Renovascular Hypertension, Surgical Treatment Clinical Presentation
- Author: Andre Hebra, MD; Chief Editor: Mary C Mancini, MD, PhD more...
History
- Patients may be asymptomatic, and hypertension may be discovered during routine examination or preparation for surgical treatment of another problem.
- In most studies, more than one half of children who were hypertensive were also asymptomatic or their hypertension was discovered during a routine examination.
- When present, symptoms are nonspecific and are often related to the organ systems most affected by hypertension.
- The most common symptom of renovascular hypertension seems to be headache.
- Other neurologic symptoms of renovascular hypertension include changes in mental status, vision changes, vomiting, seizures, coma, encephalopathy, hyperexcitability, and hyperirritability.
- Symptoms of resulting congestive heart failure may also be present, such as decreased energy, edema, and shortness of breath.
- In patients with abdominal aortic narrowing, claudication may be present.
- Some children have anorexia, and infants or young children often present with failure to thrive.
- Occasionally, patients have oliguric renal failure.
Physical
- Upon physical examination, patients have a blood pressure elevation above the 95th percentile for their age, sex, and height. Generally, children with blood pressures greater than 140/100 mm Hg are thought to be more likely to have secondary hypertension, and renovascular hypertension is more likely in children with higher blood pressure.
- Eye examination may reveal retinopathy and retinal hemorrhages.
- Patients with heart failure may present with tachypnea, cardiomegaly, and vasomotor instability leading to mottling and acrocyanosis.
- Lower extremity pulses may be diminished with aortic coarctation, whether thoracic or abdominal.
- An enlarged liver may be palpated, and an abdominal bruit may be auscultated.
- Patients with tumors impinging on renal vasculature may present with an abdominal mass in the area of the kidney.
- Rarely, signs or symptoms of visceral artery involvement are present because of the extensive collateralization that occurs.
- Café au lait macules are classic in the presentation of neurofibromatosis. Patients with neurofibromatosis may also have macrocephaly, neurofibromas, dermal neurofibromas, and axillary freckling.
Causes
Renovascular hypertension implies the cause of the elevated blood pressure is decreased arterial inflow to the kidneys. This results in activation of the renin-angiotensin system, with the development of systemic hypertension. Some congenital disorders may lead to renovascular hypertension, including arterial hypoplasia (as observed in multicystic renal dysplasia), neurofibromatosis, and Williams syndrome. The focus of this article is on the disease processes that most commonly cause renovascular hypertension in children.

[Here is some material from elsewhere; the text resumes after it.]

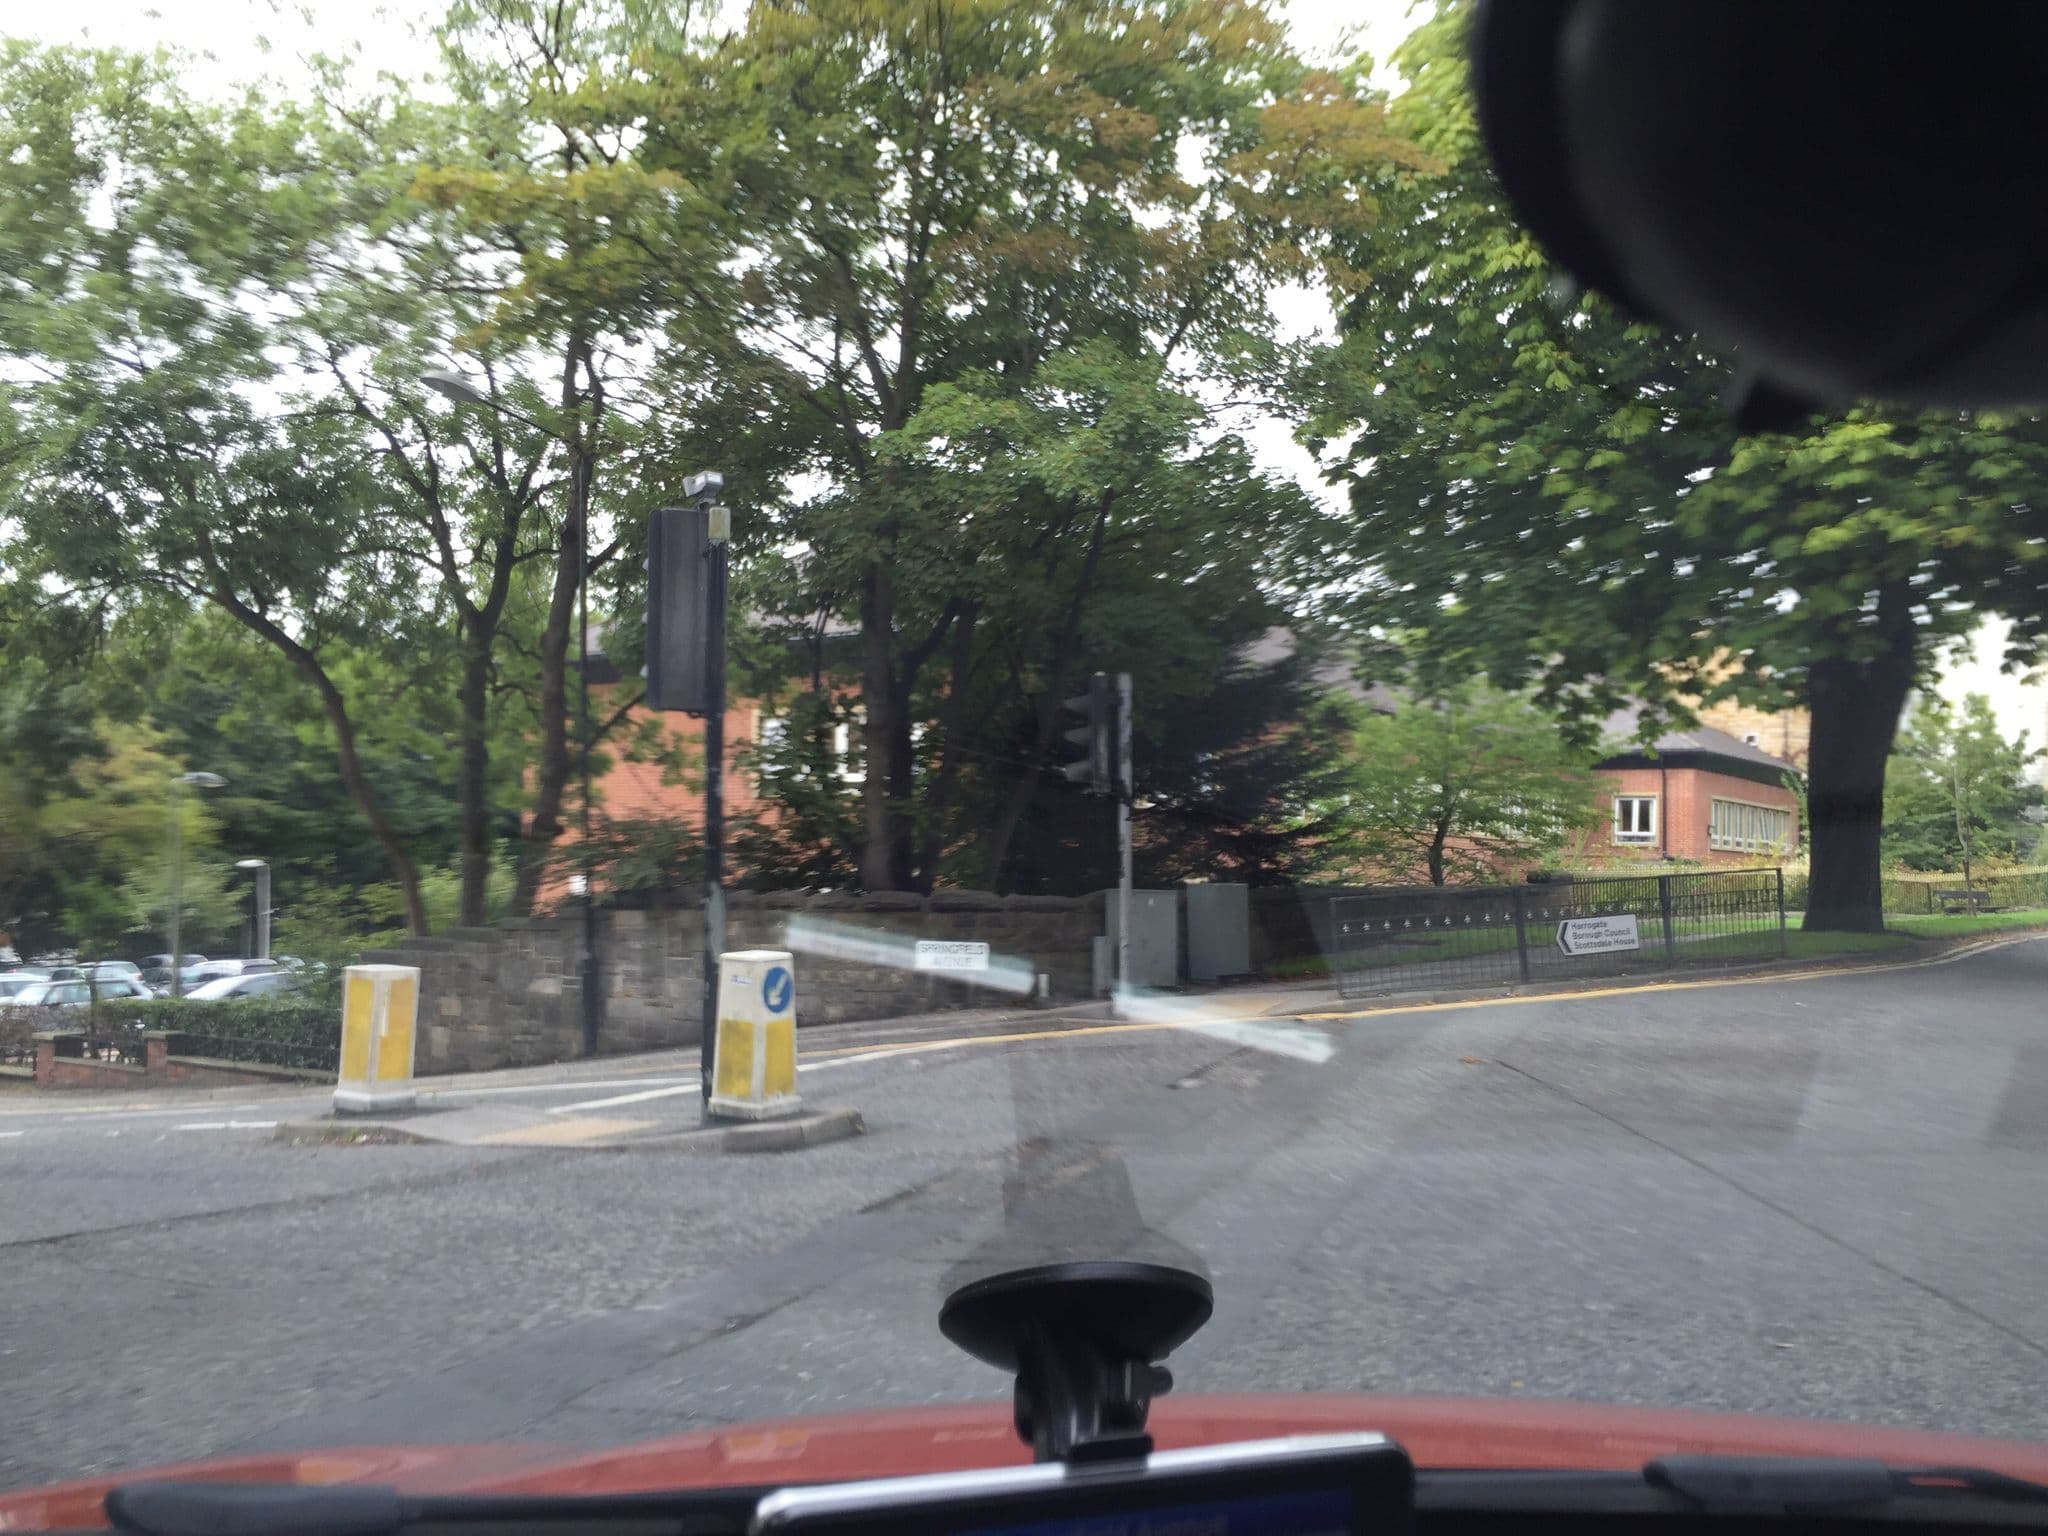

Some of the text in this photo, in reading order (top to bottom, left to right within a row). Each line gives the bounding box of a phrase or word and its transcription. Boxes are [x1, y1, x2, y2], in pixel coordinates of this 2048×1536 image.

[1571, 921, 1608, 930] Harrogate
[1572, 928, 1631, 940] Borough Council
[1613, 937, 1635, 945] House

- More commonly, renovascular disease in children is considered an acquired disease. FMD is the most common form of acquired renovascular hypertension. Its incidence varies geographically, but in the United States, it is the most common cause of secondary hypertension in children.
- Other forms of acquired renovascular hypertension include subisthmic coarctation, Moyamoya disease, Takayasu arteritis, Kawasaki disease, vasculitis, vascular trauma, renal artery thrombosis, tumors, midaortic syndrome, or anastomotic stenosis (such as posttransplantation).
- Trauma or kidney transplantation can lead to scarring or anastomotic lesions that produce renovascular constriction.
- Although Takayasu arteritis and Kawasaki disease occasionally lead to FMD, the cause of FMD is not always known.
- Often, the cause of renovascular disease is unknown. Umbilical catheters in newborns, especially those born prematurely, may result in embolization of the renal vasculature. Radiation therapy of tumors in the renal area may lead to renovascular hypertension.
- Multicystic renal dysplasia is commonly encountered in newborns. Prenatal detection by screening ultrasonography is common. These lesions are rarely bilateral and are usually associated with ipsilateral ureteral atresia. Hypertension and recurrent infections can result from this condition. As previously mentioned, multicystic dysplastic kidneys are not discussed in this article.